BILOXI, Miss. -- Three simple words: sun, sand and sea.
The way to bliss is to wiggle your toes in the sand of the Mississippi Gulf Coast. Watch pelicans patrol the shoreline, nap in the sun, read a book from a beach chair planted in the surf.
Try another three words: Be there soon.
The summer-vacation season is here. It's time to play hooky from all life's troubles and relax at the sun-splattered seashore.
The Mississippi Gulf Coast offers many more diversions: casinos, nightlife, right-off-the boat seafood, art museums, historic sites and family amusements.
Climatically blessed with moderate temperatures and refreshingly cool breezes, the Mississippi coast is a year-round destination. A tragic exception to this pleasing weather came in 2005 when Hurricane Katrina blasted ashore. High winds and 30-foot tidal surges lifted casino boats to land, blew apart fishing piers and destroyed many houses and businesses. Since then, the transmogrified cities of Gulfport, Biloxi and Bay St. Louis have undergone intense cleanup and rebuilding operations.
"Our recovery from Hurricane Katrina is going very smoothly. We are excited to have visitors coming back in record numbers. People realize the Mississippi Gulf Coast isn't gone," says Janice Jones, spokeswoman for the Mississippi Gulf Coast Convention and Visitors Bureau (888-467-4853, www.gulfcoast.org).
During a trip in spring, Jones eagerly shows me renovated streetscapes and doesn't turn my visit into a chronicle of loss. Marinas again offer a variety of deep-sea fishing excursions. More than 200 varieties of fish live in the nutrient-rich coastal waters. Nationally known performers take to the stage at the new Mississippi Coast Coliseum. The Gulf Islands Waterpark in Gulfport has expanded its attractions. Golfers have challenging new courses, including Fallen Oak, designed by Tom Fazio. We have lunch at ConFusion, a newly opened restaurant on Teagarden Road, a few blocks away from the beachfront. The 1920s cottage wears fresh paint. Stained and etched glass color the windows and turquoise sea glass decorates the martini bar. The chef flirts with fusion and wows guests with a knockout menu that features fresh seafood and plenty of vegetarian fare.
We also drop in on the Lynn Meadows Discovery Center, a play-and-learn center nearly destroyed by the storm surge. Since reopening, it was voted "the best attraction for kids" by readers of Mississippi magazine and was named Mississippi Travel Attraction of the Year. Nature, history and commerce galleries beckon with fun, interactive experiences. Play structures are sprinkled across the well-treed lawn.
Chic, lively and very stylish casinos attract many tourists to this waterfront playground. The neon-lighted entertainment centers also feature snazzy theater, comedy and cabaret-style performances. We stay at Treasure Bay Casino and Hotel, a tower buzzing with people pursuing Lady Luck at gaming tables and slot and video poker machines.
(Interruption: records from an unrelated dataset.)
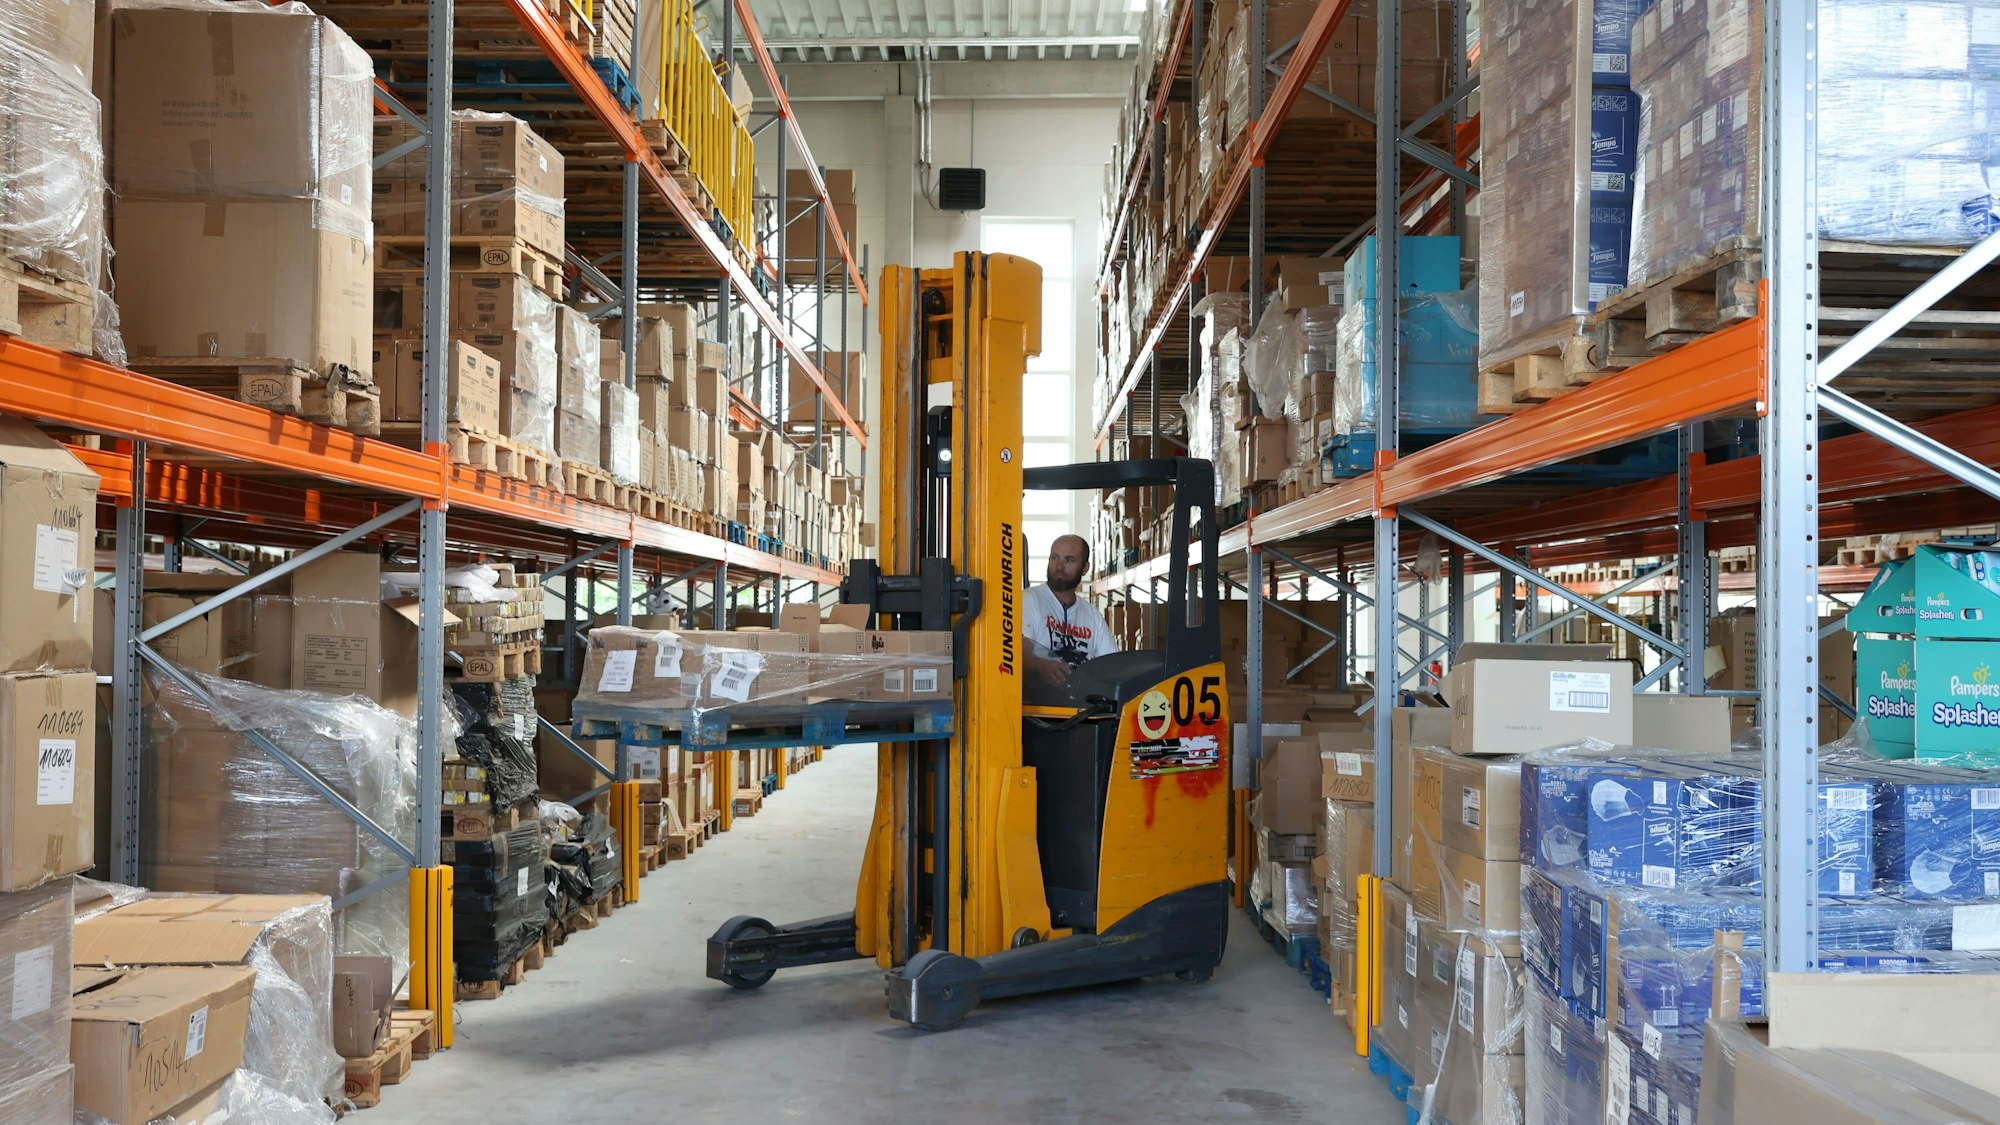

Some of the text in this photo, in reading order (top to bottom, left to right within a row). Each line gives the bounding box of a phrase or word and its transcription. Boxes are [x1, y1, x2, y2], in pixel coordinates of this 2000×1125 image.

[1595, 21, 1620, 33] Tempo
[1592, 137, 1617, 150] Tempo
[487, 253, 505, 262] EPAL
[1591, 249, 1616, 262] Tempo
[250, 383, 278, 397] EPAL
[51, 505, 82, 531] 110664
[999, 522, 1014, 676] JUNGHEINRICH
[1927, 596, 1950, 607] Pampers
[1919, 608, 1955, 622] Splashers
[470, 662, 489, 672] EPAL
[1881, 670, 1916, 692] Pampers
[1950, 675, 2000, 699] Pampers
[1173, 676, 1221, 726] 05
[38, 710, 83, 735] 110664
[40, 748, 72, 769] 110664
[1650, 823, 1672, 836] Tempo
[1832, 841, 1860, 854] Tempo
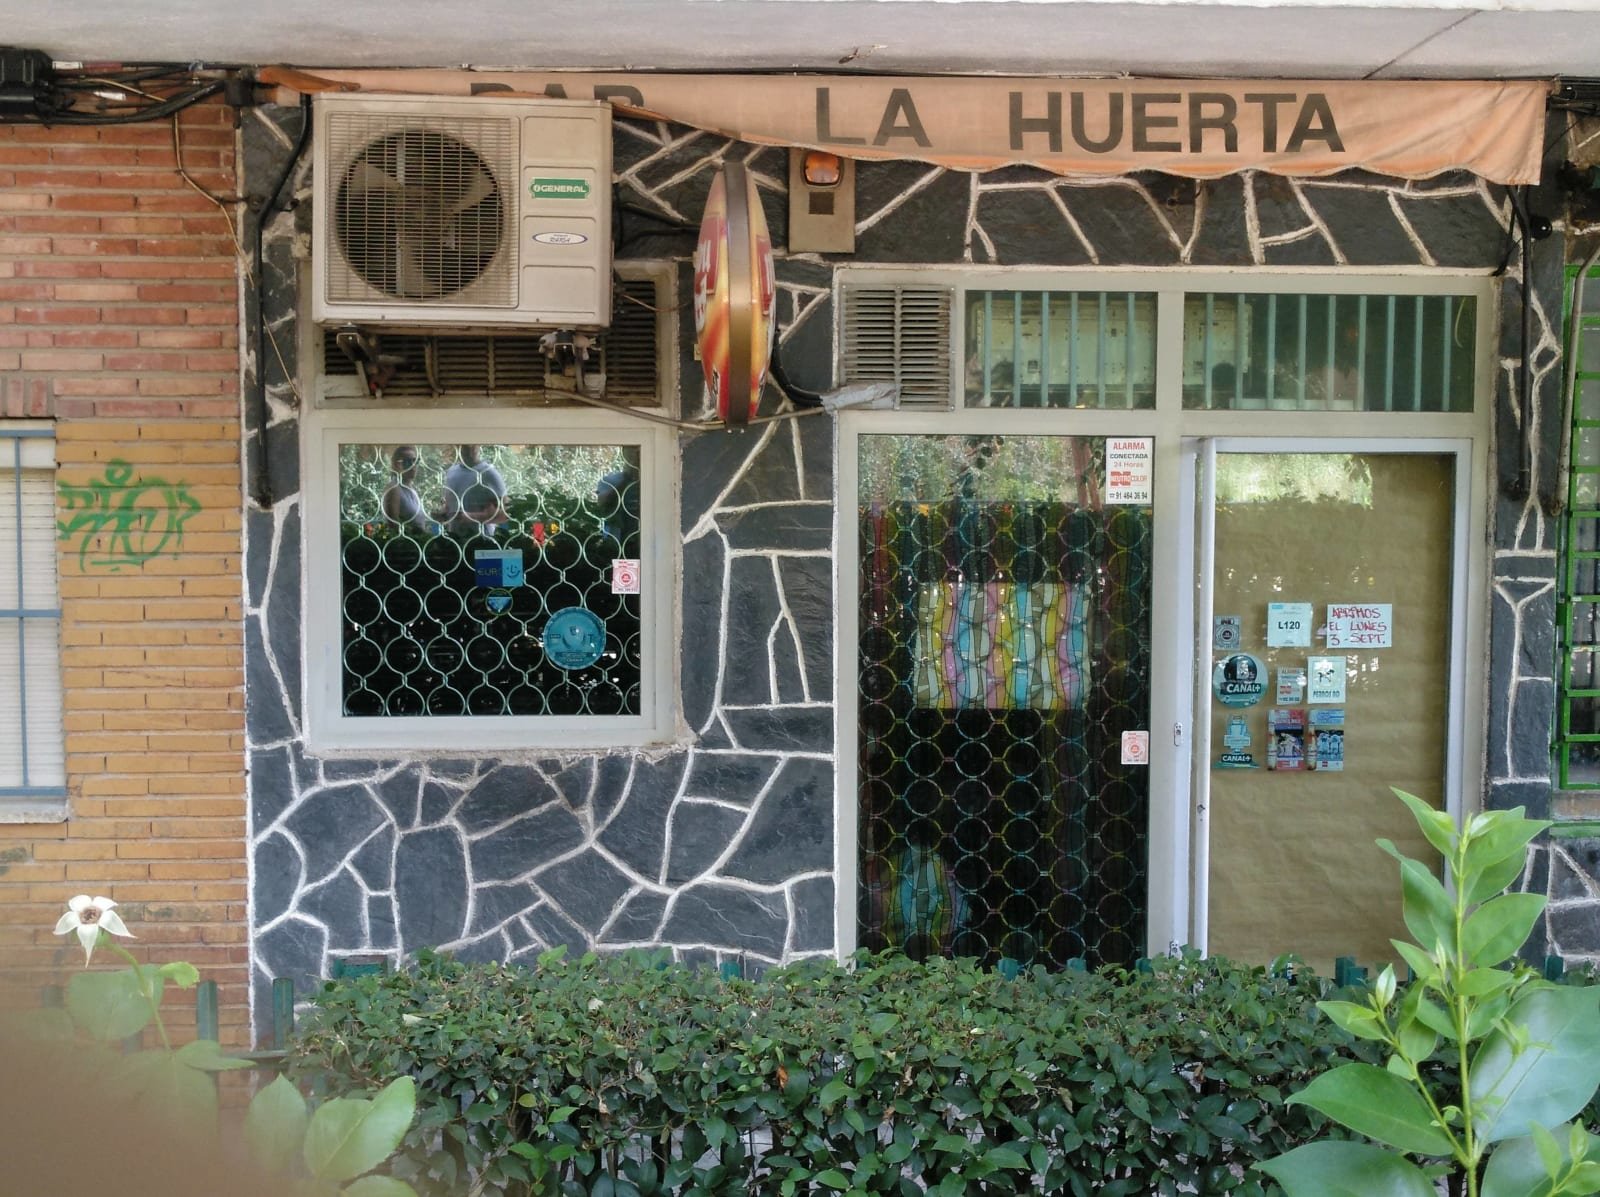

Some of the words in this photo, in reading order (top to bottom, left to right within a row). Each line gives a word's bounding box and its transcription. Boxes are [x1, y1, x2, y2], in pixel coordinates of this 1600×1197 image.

[815, 86, 933, 148] LA
[1008, 90, 1346, 154] HUERTA
[1113, 442, 1145, 450] ALARMA
[1278, 621, 1301, 630] L120
[1329, 621, 1342, 631] EL
[1350, 621, 1387, 632] LUNES
[1329, 633, 1341, 646] 3
[1226, 683, 1261, 693] CANAL+
Guest rooms have been luxed-up in recent months. The top floor houses blu, a tapas bar, and CQ, a fine-dining restaurant. Both have a dazzling IMAX-sized view of the Gulf of Mexico. The pool terrace, surrounded by tropical gardens, also elicits beautiful views of the beach.
The arrival of flashy casinos in 1992 changed the face of coastal Mississippi, whose history is more about moonlight-and-magnolia charm. Summer cottages built in the antebellum era gave New Orleans cotton brokers and Natchez plantation owners an escape from oppressive heat. They relaxed on wicker-adorned verandas and enjoyed refreshing sea breezes and the shade of majestic live oak trees.
For generations, sleepy fishing villages and old family resorts dotted Mississippi's 88-mile stretch of shoreline. The seafood industry provided livelihoods for permanent residents. Many were descendants of French and Spanish colonists who harvested the oyster reefs and fished the bountiful waters. These early inhabitants also raised cattle and made tar.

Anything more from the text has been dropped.